Un sacerdote scherzoso, disponibile con tutti e sempre pronto ad aiutare i poveri e i più bisognosi.

Lo ricordano così don Franco Cavallo gli organizzatori della mostra allestita a Palazzo Ducale in memoria del prete gelese scomparso a cinquantacinque anni il 16 gennaio del 2006 dopo una malattia. Ordinato sacerdote il 29 giugno del 1985 dal vescovo Sebastiano Rosso, don Franco Cavallo venne nominato parroco il 5 novembre del 1995 dal vescovo Vincenzo Cirrincione.
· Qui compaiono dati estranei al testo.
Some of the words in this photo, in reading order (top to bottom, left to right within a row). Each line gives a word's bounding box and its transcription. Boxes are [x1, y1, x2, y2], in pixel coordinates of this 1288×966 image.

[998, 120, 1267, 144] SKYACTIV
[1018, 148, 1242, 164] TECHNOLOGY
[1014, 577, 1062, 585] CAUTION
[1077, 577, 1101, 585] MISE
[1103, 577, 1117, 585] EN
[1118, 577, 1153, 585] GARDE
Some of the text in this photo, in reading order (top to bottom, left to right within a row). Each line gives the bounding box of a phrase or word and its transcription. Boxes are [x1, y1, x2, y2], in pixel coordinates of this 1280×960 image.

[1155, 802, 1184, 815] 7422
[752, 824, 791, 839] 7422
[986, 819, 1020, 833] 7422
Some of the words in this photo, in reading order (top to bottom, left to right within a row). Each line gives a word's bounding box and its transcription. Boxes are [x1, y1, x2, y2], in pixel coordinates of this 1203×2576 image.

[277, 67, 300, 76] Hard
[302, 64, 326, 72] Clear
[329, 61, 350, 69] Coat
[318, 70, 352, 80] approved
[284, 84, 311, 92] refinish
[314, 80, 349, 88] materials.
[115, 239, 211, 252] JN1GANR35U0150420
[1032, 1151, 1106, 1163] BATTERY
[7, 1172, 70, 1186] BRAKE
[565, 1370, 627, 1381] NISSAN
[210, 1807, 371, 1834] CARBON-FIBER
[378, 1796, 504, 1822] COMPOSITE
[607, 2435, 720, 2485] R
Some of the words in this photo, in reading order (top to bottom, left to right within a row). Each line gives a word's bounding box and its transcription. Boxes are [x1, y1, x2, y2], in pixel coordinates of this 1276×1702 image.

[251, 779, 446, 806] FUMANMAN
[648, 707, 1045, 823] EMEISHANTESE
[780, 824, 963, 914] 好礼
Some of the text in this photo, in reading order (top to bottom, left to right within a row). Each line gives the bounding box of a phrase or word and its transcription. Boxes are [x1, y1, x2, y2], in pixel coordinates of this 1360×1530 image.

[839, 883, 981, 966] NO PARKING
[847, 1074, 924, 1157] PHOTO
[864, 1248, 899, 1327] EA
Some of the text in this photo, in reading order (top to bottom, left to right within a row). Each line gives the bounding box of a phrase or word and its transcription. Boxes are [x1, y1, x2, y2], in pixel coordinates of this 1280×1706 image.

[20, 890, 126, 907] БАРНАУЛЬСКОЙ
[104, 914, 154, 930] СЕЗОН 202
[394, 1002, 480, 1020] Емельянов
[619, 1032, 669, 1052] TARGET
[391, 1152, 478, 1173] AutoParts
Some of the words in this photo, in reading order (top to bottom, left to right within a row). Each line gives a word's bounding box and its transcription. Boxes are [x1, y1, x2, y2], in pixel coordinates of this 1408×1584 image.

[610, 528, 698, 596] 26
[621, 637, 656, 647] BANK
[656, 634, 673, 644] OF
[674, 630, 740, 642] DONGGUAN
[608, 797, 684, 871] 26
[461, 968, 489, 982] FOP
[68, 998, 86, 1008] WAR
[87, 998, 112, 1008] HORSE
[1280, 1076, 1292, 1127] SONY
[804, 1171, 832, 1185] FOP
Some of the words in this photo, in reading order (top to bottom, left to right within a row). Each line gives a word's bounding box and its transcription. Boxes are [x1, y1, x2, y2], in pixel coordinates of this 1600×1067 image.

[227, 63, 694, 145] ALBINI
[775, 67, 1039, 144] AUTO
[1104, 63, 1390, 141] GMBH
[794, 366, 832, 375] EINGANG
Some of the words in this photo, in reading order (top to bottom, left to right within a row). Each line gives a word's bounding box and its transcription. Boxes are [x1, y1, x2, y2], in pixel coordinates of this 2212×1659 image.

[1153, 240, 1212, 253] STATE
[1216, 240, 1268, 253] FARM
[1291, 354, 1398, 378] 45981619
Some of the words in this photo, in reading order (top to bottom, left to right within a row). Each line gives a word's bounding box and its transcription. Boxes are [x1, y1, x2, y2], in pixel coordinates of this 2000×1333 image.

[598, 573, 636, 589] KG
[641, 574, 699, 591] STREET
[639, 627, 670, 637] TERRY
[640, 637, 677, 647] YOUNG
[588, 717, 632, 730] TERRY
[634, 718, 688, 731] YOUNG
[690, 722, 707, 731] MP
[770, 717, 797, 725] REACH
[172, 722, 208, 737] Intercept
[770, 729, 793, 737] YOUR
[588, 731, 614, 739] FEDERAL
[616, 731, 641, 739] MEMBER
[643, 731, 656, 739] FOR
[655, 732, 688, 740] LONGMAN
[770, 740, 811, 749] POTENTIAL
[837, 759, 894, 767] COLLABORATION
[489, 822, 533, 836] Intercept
Momenti che rivivono nell’esposizione curata dal collezionista gelese Franco Pardo, insieme ai pittori Gina Pardo e Pino Polara. Esposte diverse foto donate dalle sorelle del sacerdote, ma anche i paramenti sacri usati proprio da don Franco Cavallo. “Una grande perdita – hanno commentato Pardo e Polara – don Franco era quasi un santo, un uomo che per la città di Gela aveva fatto davvero tanto”. La mostra rimarrà aperta fino al prossimo 24 gennaio dalle 9:00 alle 13:00 e dalle 16:00 alle 20:00. In ricordo di don Franco Cavallo, inoltre, oggi pomeriggio è stata celebrata una messa nella Casa francescana “Sant’Antonio di Padova” a Manfria, di cui il sacerdote gelese fu direttore spirituale. A precedere la celebrazione eucaristica la lettura di alcuni brani del libro biografico su don Franco dal titolo “Ci riposeremo in Paradiso”, scritto dalla giornalista fiorentina Silvia Guidi.